Note that the larger the distance between the stimulation and recording electrodes, the longer the duration of the CMAP owing to an increased range of conduction velocities. This phenomenon is additionally characterized by an increasing decay of the amplitude of the CMAP, also called temporal dispersion (Fig. 5.1b) [13, 14].

Age-matched normal values for NCS, including motor nerve conduction velocity, distal motor latency, and the CMAP amplitude of every single peripheral nerve are either derived from studies in the laboratories or obtained from related literature [2, 3, 9, 15].

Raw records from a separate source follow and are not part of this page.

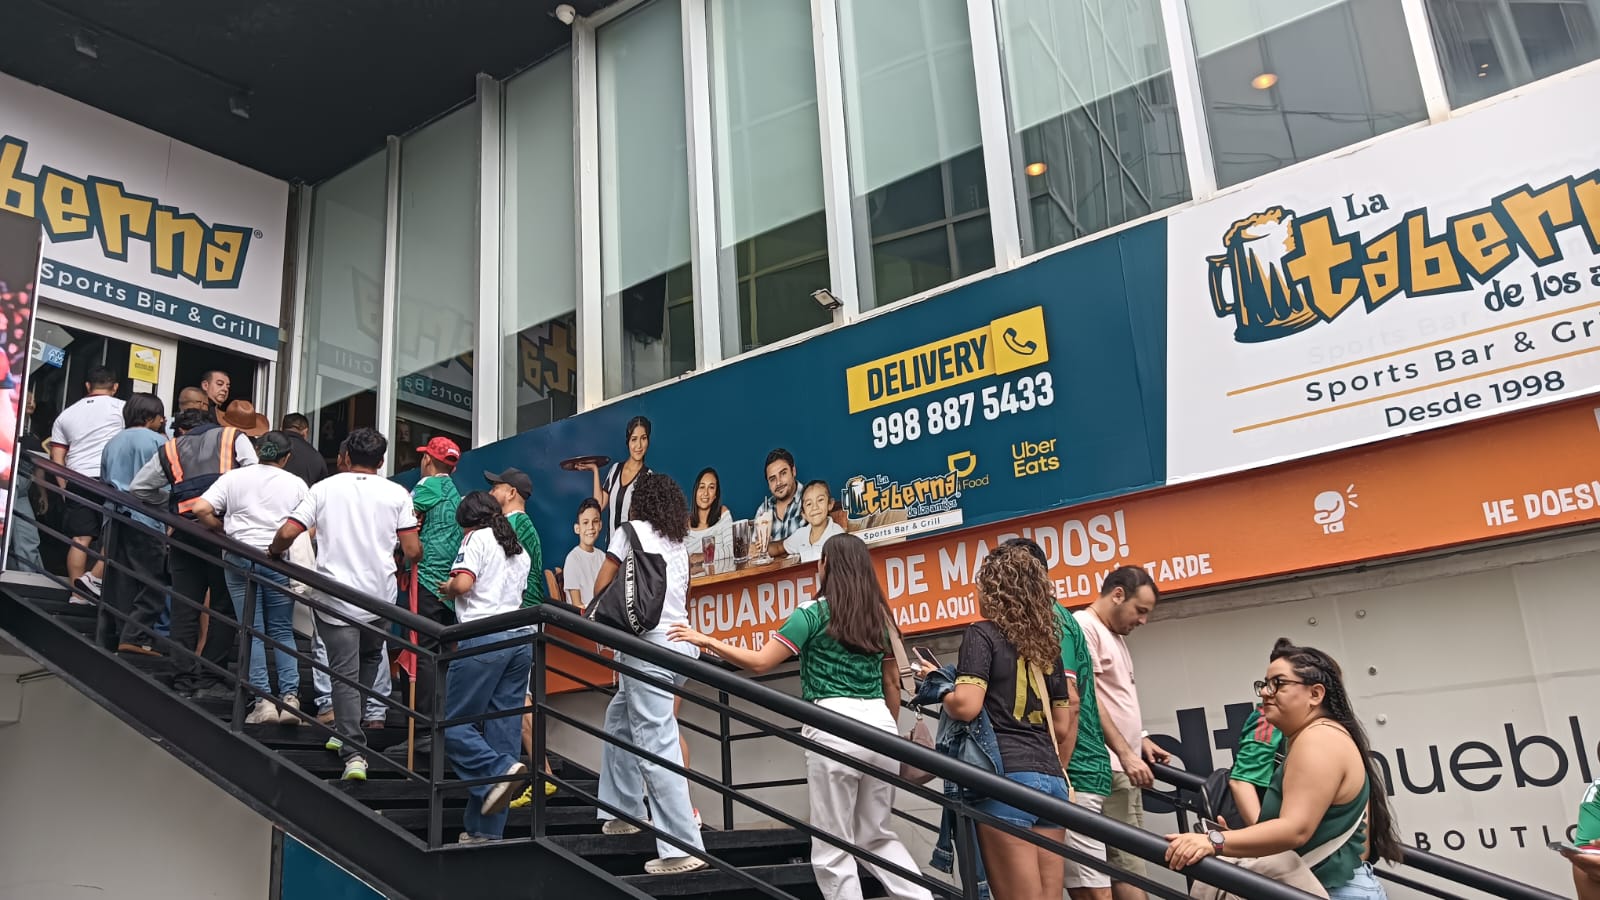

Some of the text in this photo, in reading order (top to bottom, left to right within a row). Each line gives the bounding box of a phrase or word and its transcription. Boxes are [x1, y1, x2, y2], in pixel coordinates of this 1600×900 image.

[1341, 190, 1389, 222] La
[40, 264, 261, 341] Sports Bar & Grill
[1484, 279, 1525, 312] de
[1530, 271, 1581, 302] los
[867, 334, 988, 401] DELIVERY
[1306, 318, 1600, 402] Sports Bar & Gr
[872, 371, 1055, 448] 998 887 5433
[1384, 370, 1566, 428] Desde 1998
[1012, 438, 1057, 460] Uber
[1014, 454, 1060, 478] Eats
[862, 469, 958, 515] taberna
[963, 474, 989, 489] Food
[864, 529, 892, 541] Sports
[894, 524, 909, 533] Bar
[920, 517, 940, 528] Grill
[1482, 499, 1518, 527] HE
[886, 553, 929, 600] DE
[935, 592, 975, 619] AQUÍ
[1143, 553, 1213, 583] TARDE

There are many physiological factors affecting nerve conduction. Only a few are addressed here. Generally, nerves of the upper extremity conduct faster than those of the lower extremity. Moreover, the nerve conduction velocity in proximal nerve segments is faster than in the distal parts of a peripheral nerve [16]. The most important factors influencing NCS in the clinical routine are age and skin temperature. In infants and patients of advanced age, nerve conduction velocities are diminished. Furthermore, a decrease in skin temperature also decreases the conduction velocities [1719]. Therefore, standardization and documentation of the skin temperature during electrodiagnostic testing is mandatory. In the case of low skin/room temperatures, a hot water bath or ceiling-mounted radiant heaters can be effective in raising the skin temperature of the limbs.

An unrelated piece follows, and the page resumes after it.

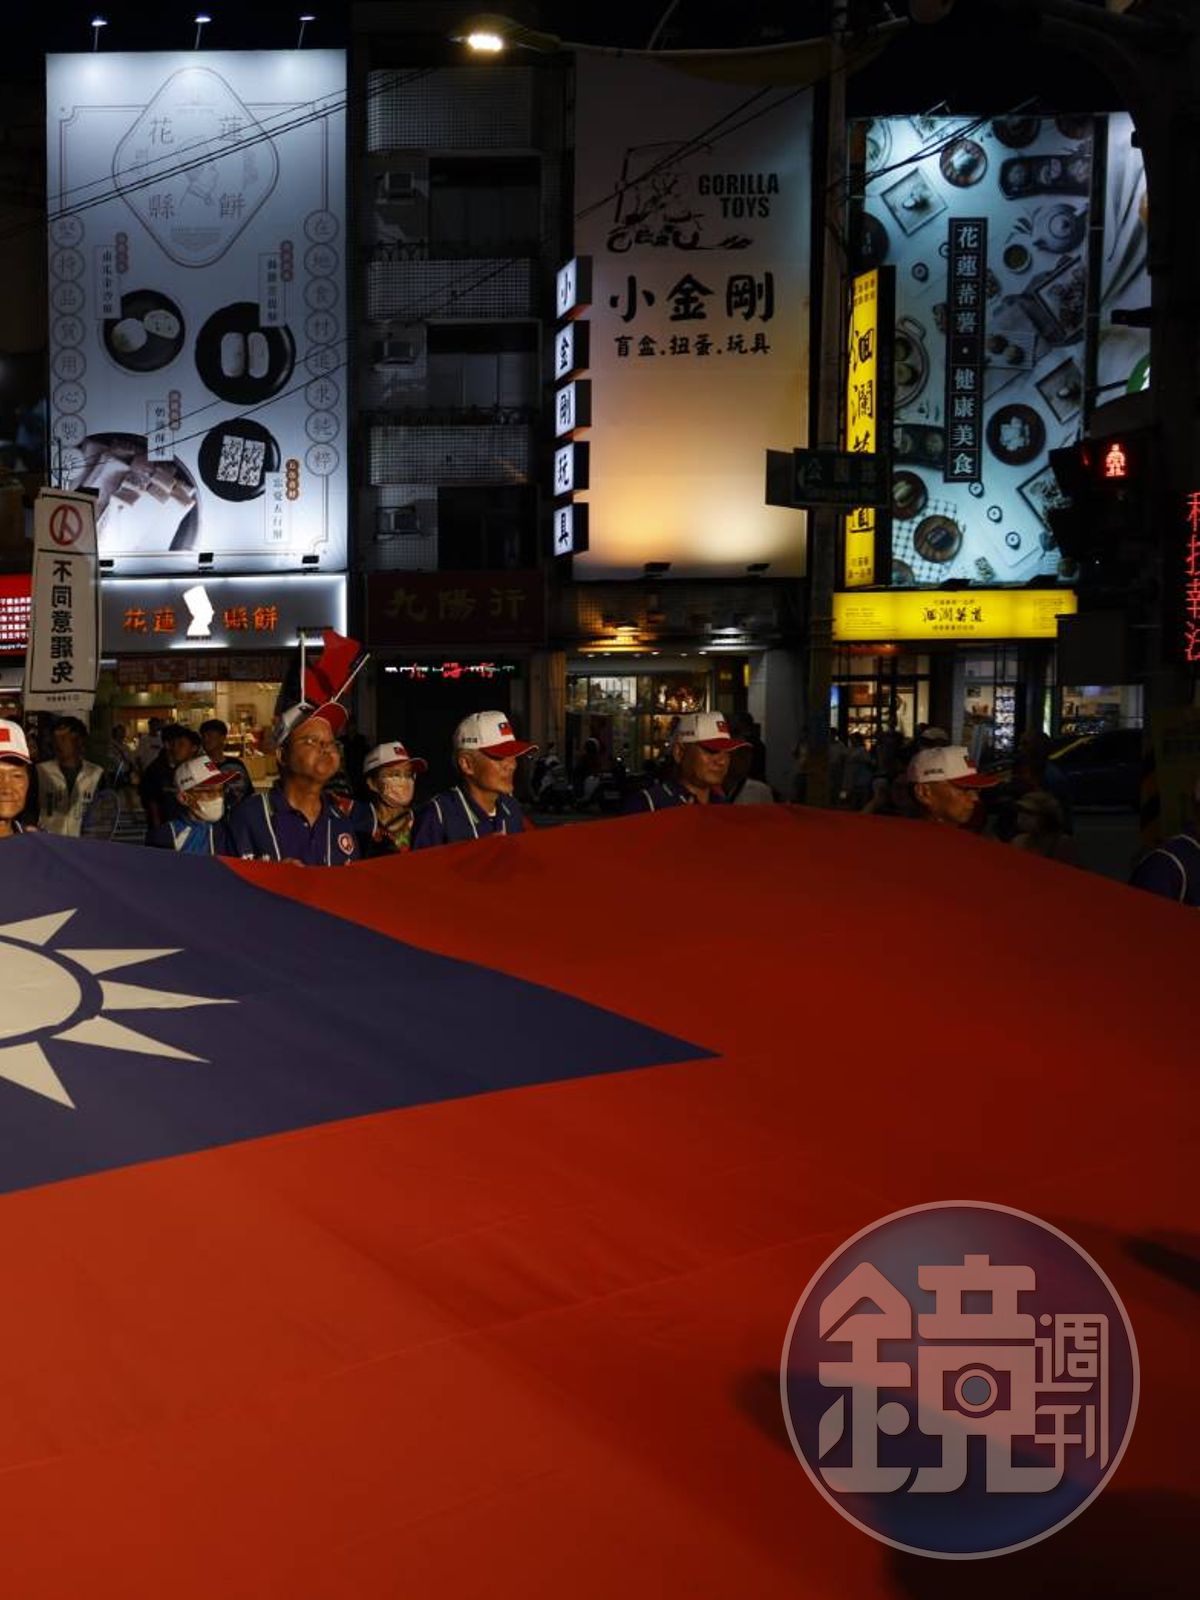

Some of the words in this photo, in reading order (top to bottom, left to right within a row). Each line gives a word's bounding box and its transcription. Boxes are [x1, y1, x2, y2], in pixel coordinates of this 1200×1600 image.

5.3.2 Demyelinating Disorders

Demyelinating disorders of the peripheral nerve result in impairment of conduction owing to the focal or generalized pathological features of the myelin sheath [11]. As a consequence, EDX demonstrates a slowing of the motor nerve conduction velocities and/or a prolongation of distal motor latencies. Depending on the type of nerve involvement, different patterns of motor nerve conduction velocity deterioration can be observed [2, 3, 912, 15]:

  • Focal: affecting only one nerve segment (e.g., in the early stages of entrapment in ulnar neuropathy at the elbow). An example is shown in Fig. 5.3a.

  • Multifocal: affecting certain nerve segments in one or more different peripheral nerves (e.g., multifocal motor neuropathy, acute and chronic inflammatory demyelinating neuropathy).

  • Generalized: affecting all nerve segments in different nerves (e.g., hereditary sensorimotor neuropathy type 1).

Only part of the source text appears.